Helping Children Worldwide celebrates World Social Work Day (March 19) by highlighting the excellent work of the CRC’s Case Management Team. The CRC is focused on continuing to provide the best support possible to children and families in its programs, now through a case management system that is growing stronger every day. Plans to continue to build capacity include installation of a case management database, ongoing professional dialogue with others in the field, and a Case Managers’ Learning Collaborative project launching this July.
Following in the footsteps of Mercy Hospital’s recent installation of an Electronic Medical Information System (EMIS), the CRC is also hard at work developing and installing an Electronic Case Management System (ECMS). The ECMS will enable case managers create and update individual, electronic case files for each of the children in their caseload, while ensuring confidentiality of sensitive information. All case files will be stored on a common server and Case Management Supervisor David Musa will have oversight of the CRCs entire caseload of 560 students. Eventually, aggregate data collected to analyze trends and improve and strengthen the program will be available through this system as well. Joseph Lamin, of Mercy Research Lab, Mercy Statistician Ishmael Vandi, and HCW Intern Sam Bundren will assist the Systems Coordinator and Database Manager Johanese Bans and the rest of the case management team with getting the system set up and for training the staff in its use.
This month, the CRC launched a bi-monthly Case Management Zoom Teleconference with experienced social workers/case managers in the US. These calls are designed to create a space for case managers on both sides of the ocean to share best practices and strategies in case management, trouble-shoot particularly difficult cases, and engage in professional dialogue with colleagues.

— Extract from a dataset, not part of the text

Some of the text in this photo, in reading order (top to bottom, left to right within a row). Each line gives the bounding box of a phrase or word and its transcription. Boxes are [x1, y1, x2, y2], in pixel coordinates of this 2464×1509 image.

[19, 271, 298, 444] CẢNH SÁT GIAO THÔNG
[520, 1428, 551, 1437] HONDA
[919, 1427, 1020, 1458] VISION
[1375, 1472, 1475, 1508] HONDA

A small team of US case managers will join HCW’s July UMVIM team to launch the first Case Managers’ Learning Collaborative. Modeled after the successful Teachers’ Learning Collaborative launched last summer, the project will allow case managers from the US and Sierra Leone to share case management strategies with one another as equals. The project will include staff from two other Bo Children’s Homes, as well as representatives from the Ministry of Social Welfare and Gender Affairs.

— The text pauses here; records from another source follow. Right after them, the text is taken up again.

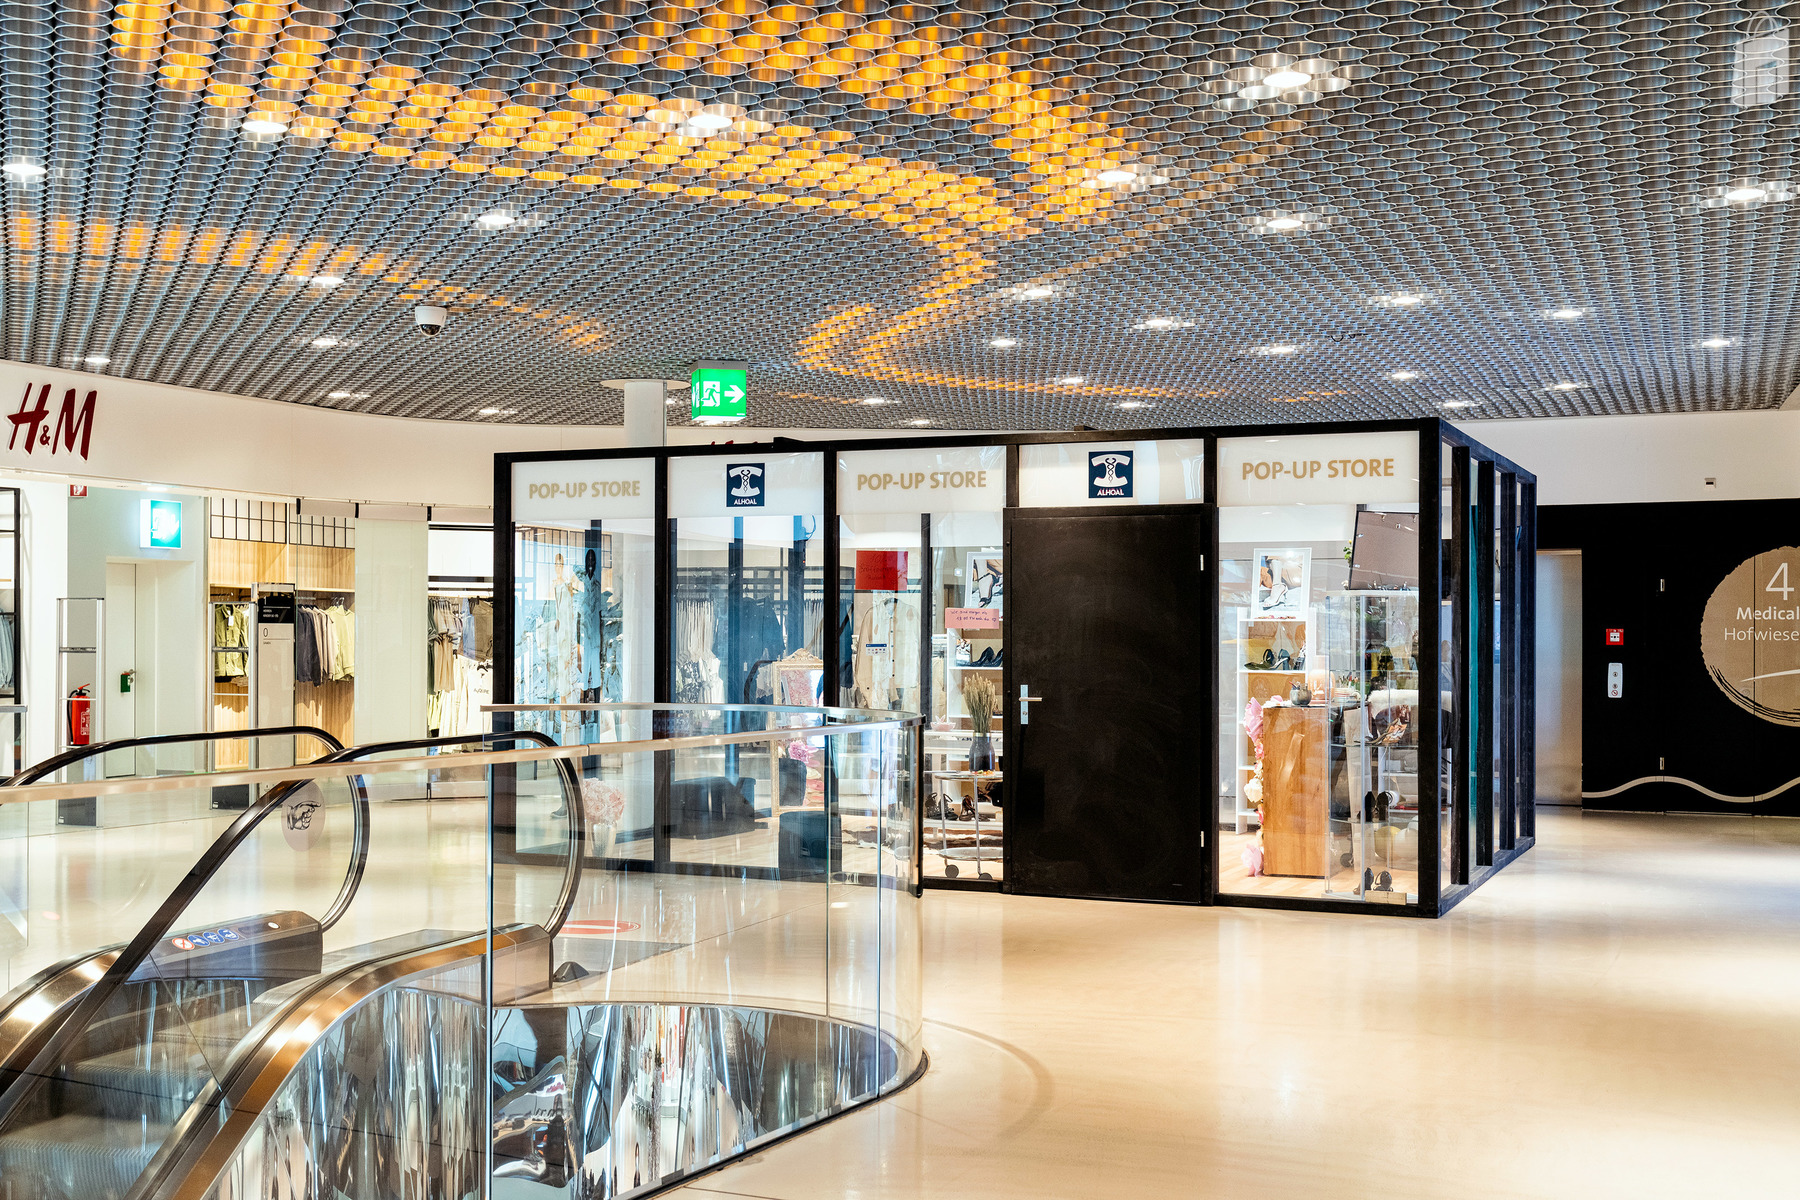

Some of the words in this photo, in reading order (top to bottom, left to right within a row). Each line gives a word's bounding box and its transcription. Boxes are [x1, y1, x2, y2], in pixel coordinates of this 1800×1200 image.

[7, 382, 98, 461] H&M
[1242, 460, 1322, 480] POP-UP
[1327, 458, 1395, 478] STORE
[529, 482, 588, 499] POP-UP
[591, 480, 641, 498] STORE
[857, 472, 925, 491] POP-UP
[929, 470, 987, 489] STORE
[1096, 488, 1124, 496] ALHOAL
[733, 498, 758, 506] ALHOAL
[1765, 562, 1795, 601] 4
[1736, 606, 1800, 620] Medical
[1724, 626, 1800, 641] Hofwiese

Currently there is no formal, government-run case management system for vulnerable children in Sierra Leone. UNICEF is launching a three year project focused on strengthening the child protection system in Sierra Leone by building capacity of the government leading the application of a national Case Management System, which will ensure registration, assessment and needs-based referral for services, and follow-up for vulnerable children. Once that system comes online, the CRC will be ready to shift to connect to the national database.